Tensor Parallelism for Large Models
# LLaMA-70B на 4xA100 80GB
python -m vllm.entrypoints.openai.api_server \
--model meta-llama/Llama-3-70b-instruct \
--tensor-parallel-size 4 \ # шардирование по 4 GPU
--dtype bfloat16 \
--max-model-len 16384 \
--gpu-memory-utilization 0.95
Tensor parallelism splits attention heads and FFN matrices across GPUs. For the 70B model: 4xA100 80GB = sufficient for BF16.
Quantization to save VRAM
# AWQ квантизация (лучшее качество среди 4-bit методов)

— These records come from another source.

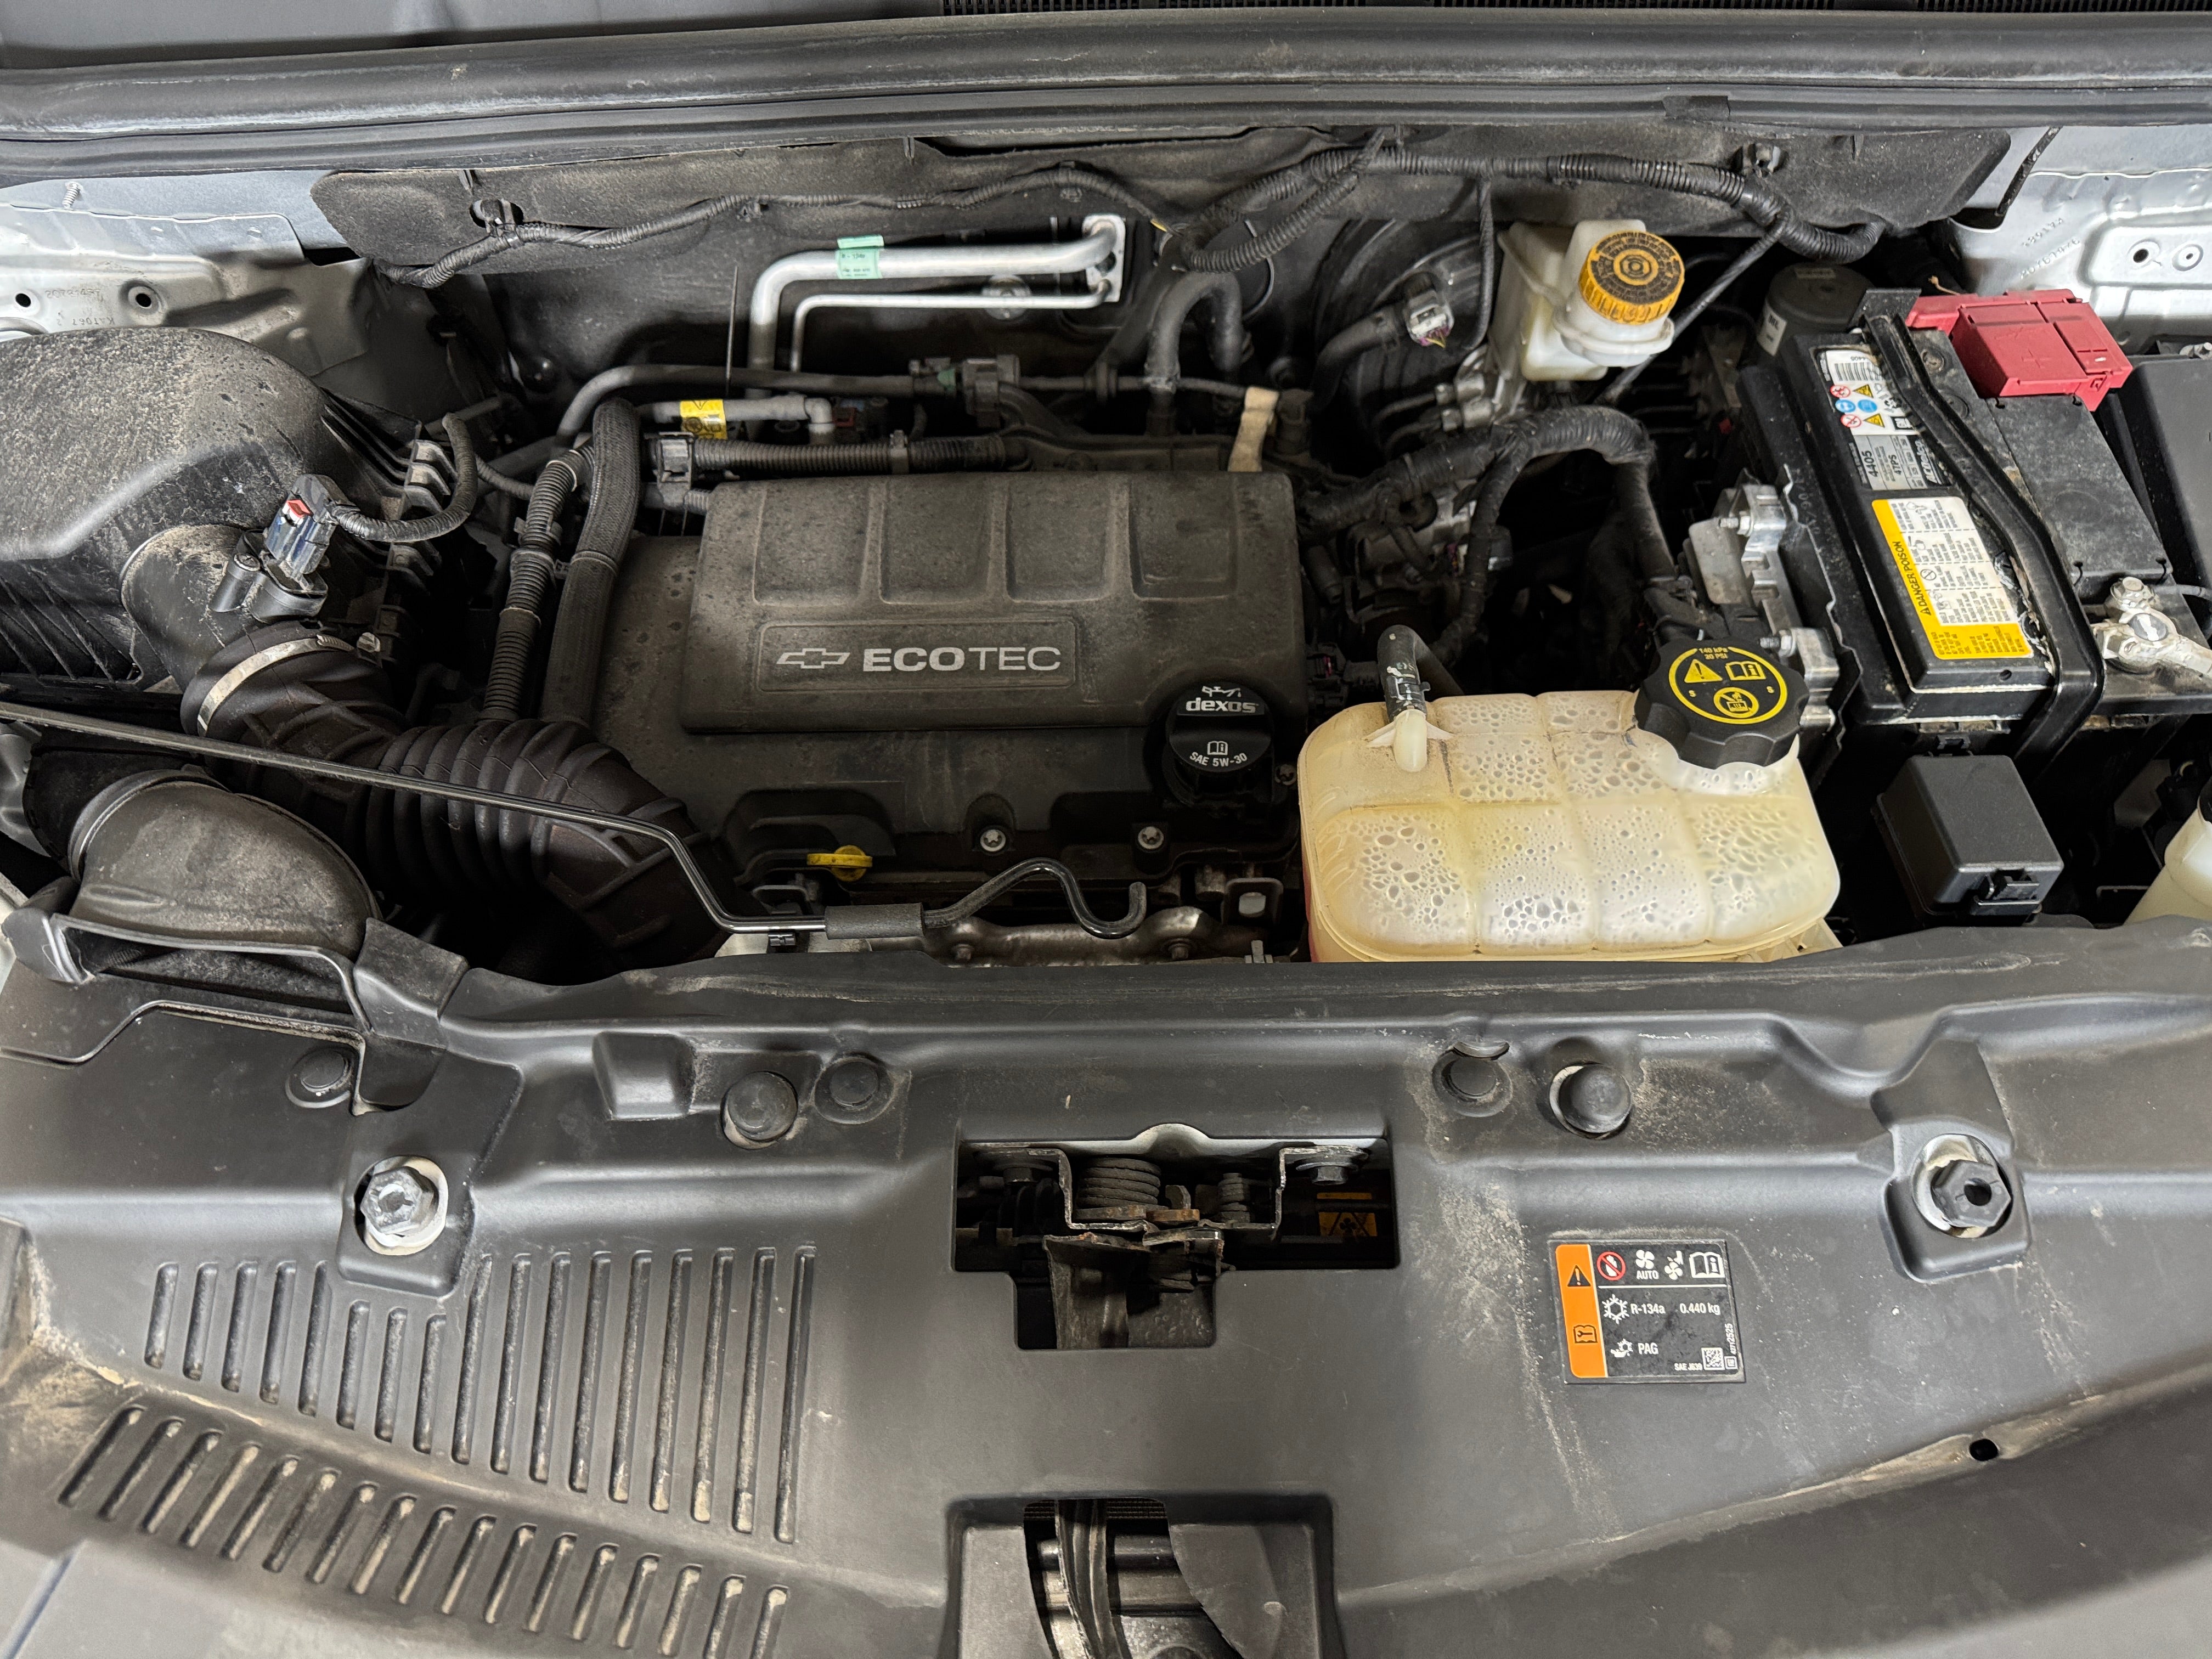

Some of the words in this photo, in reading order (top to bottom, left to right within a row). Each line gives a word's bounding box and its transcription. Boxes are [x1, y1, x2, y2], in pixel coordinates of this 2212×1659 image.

[1861, 450, 1878, 477] 4405
[1892, 541, 1914, 573] POISON
[1906, 572, 1928, 610] DANGER
[863, 647, 1061, 672] ECOTEC
[1186, 697, 1256, 713] dexos
[1189, 752, 1210, 766] SAE
[1212, 753, 1248, 767] 5W-30
[1636, 1269, 1659, 1280] AUTO
[1631, 1304, 1666, 1314] R-134a
[1680, 1303, 1706, 1314] 0.440
[1708, 1302, 1721, 1316] kg
[1638, 1342, 1659, 1355] PAG
[1674, 1363, 1688, 1372] SAE
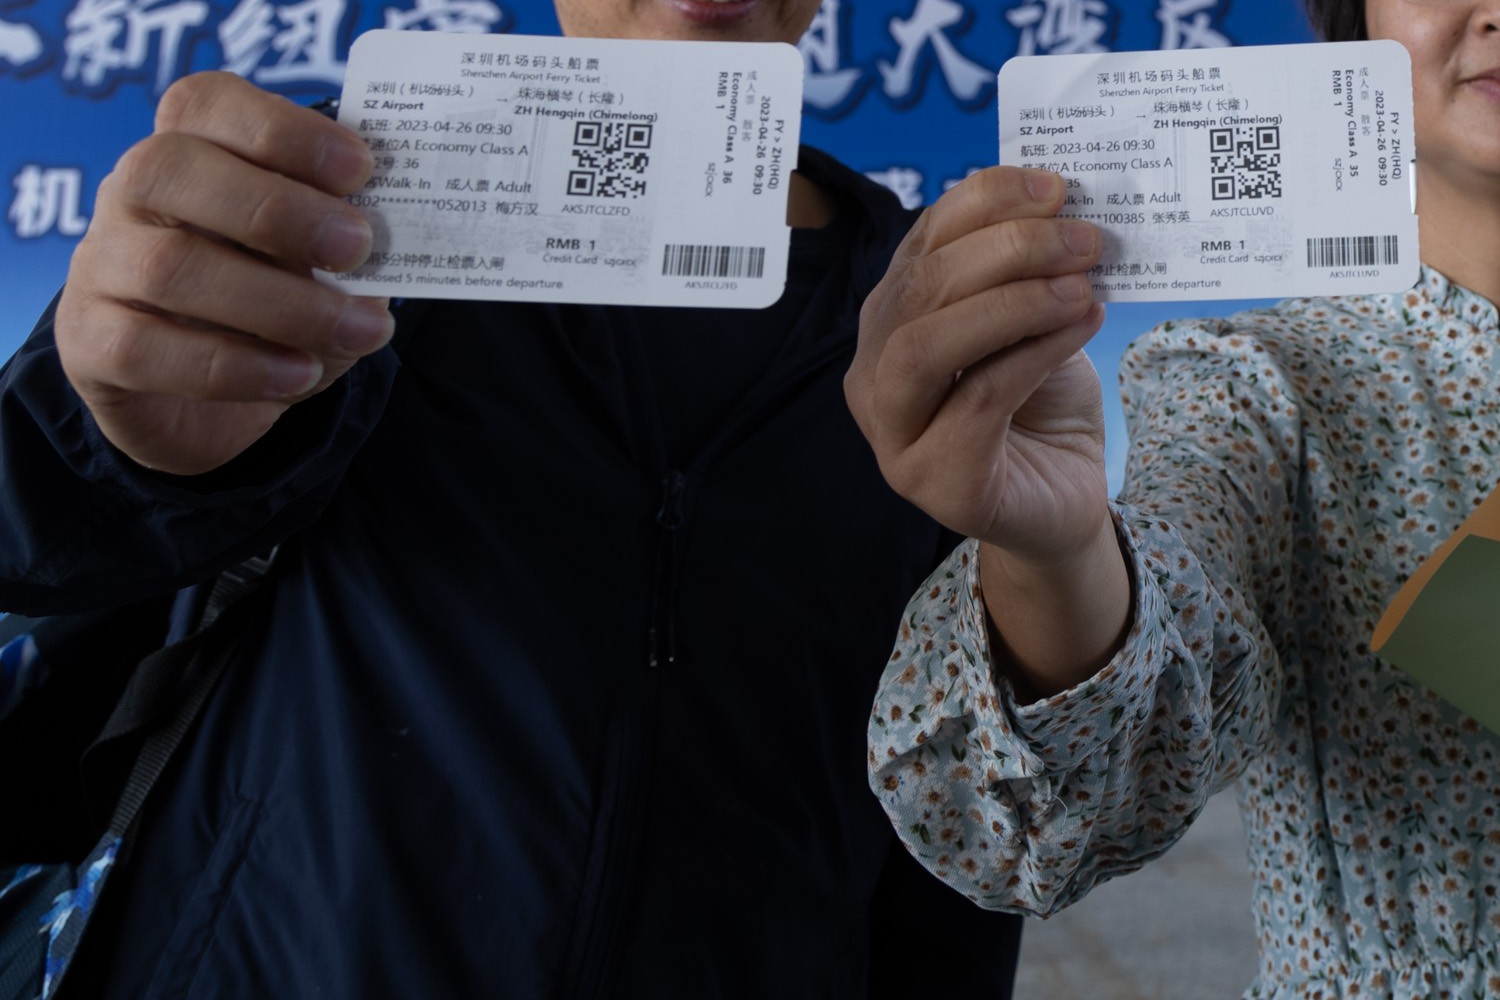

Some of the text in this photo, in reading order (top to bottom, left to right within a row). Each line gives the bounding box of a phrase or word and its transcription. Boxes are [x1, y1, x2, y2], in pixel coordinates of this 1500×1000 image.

[460, 52, 600, 70] 深圳机场码头船票
[460, 69, 601, 84] Shenzhen Airport Ferry Ticket
[717, 72, 728, 97] RMB
[1097, 67, 1221, 86] 深圳机场码头船票
[1332, 70, 1343, 95] RMB
[1099, 83, 1225, 98] Shenzhen Airport Ferry Ticket
[363, 100, 425, 111] SZ Airport
[514, 105, 659, 123] ZH Hengqin (Chimelong)
[1153, 114, 1283, 130] ZH Hengqin (Chimelong)
[1390, 111, 1400, 126] FY
[395, 119, 472, 134] 2023-04-26
[475, 122, 513, 136] 09:30
[722, 72, 742, 184] Economy Class A 36
[774, 119, 785, 133] FY
[1020, 125, 1074, 137] SZ Airport
[1345, 69, 1359, 177] Economy Class A 35
[752, 96, 771, 195] 2023-04-26 09:30
[1375, 90, 1388, 186] 2023-04-26 09:30
[414, 139, 477, 156] Economy
[480, 141, 514, 155] Class
[517, 144, 529, 156] A
[1053, 141, 1121, 155] 2023-04-26
[1123, 138, 1156, 152] 09:30
[403, 157, 419, 170] 36
[1073, 160, 1128, 173] Economy
[1130, 157, 1161, 169] Class
[1163, 156, 1174, 168] A
[1390, 139, 1402, 180] ZH(HQ)
[767, 147, 783, 190] ZH(HQ)
[445, 178, 490, 193] 成人票
[494, 181, 532, 193] Adult
[1066, 178, 1081, 189] 35
[9, 165, 92, 238] 机
[1106, 193, 1145, 207] 成人票
[1149, 191, 1182, 204] Adult
[1210, 206, 1275, 218] AKSJTCLUVD
[546, 237, 596, 251] RMB 1
[1201, 240, 1246, 252] RMB 1
[542, 254, 572, 264] Credit
[574, 255, 598, 265] Card
[1200, 254, 1226, 265] Credit
[1228, 253, 1249, 264] Card
[366, 272, 402, 284] closed
[405, 273, 414, 284] 5
[416, 274, 461, 286] minutes
[465, 275, 503, 288] before
[506, 277, 563, 290] departure
[1091, 278, 1222, 292] minutes before departure

python -m vllm.entrypoints.openai.api_server \
--model TheBloke/Mistral-7B-Instruct-v0.3-AWQ \
--quantization awq \
--dtype auto
# GPTQ
python -m vllm.entrypoints.openai.api_server \
--model TheBloke/Llama-2-13B-GPTQ \
--quantization gptq
# FP8 (для H100)
python -m vllm.entrypoints.openai.api_server \
--model meta-llama/Llama-3-8b \
--quantization fp8
Result: 7B model in AWQ 4-bit takes up ~4 GB of VRAM instead of ~14 GB in BF16.
Speculative Decoding
Accelerating decoding through a draft model: a small model (draft) generates several tokens, while a larger model (target) verifies them in parallel. If there's a match, all tokens are accepted as a single forward pass.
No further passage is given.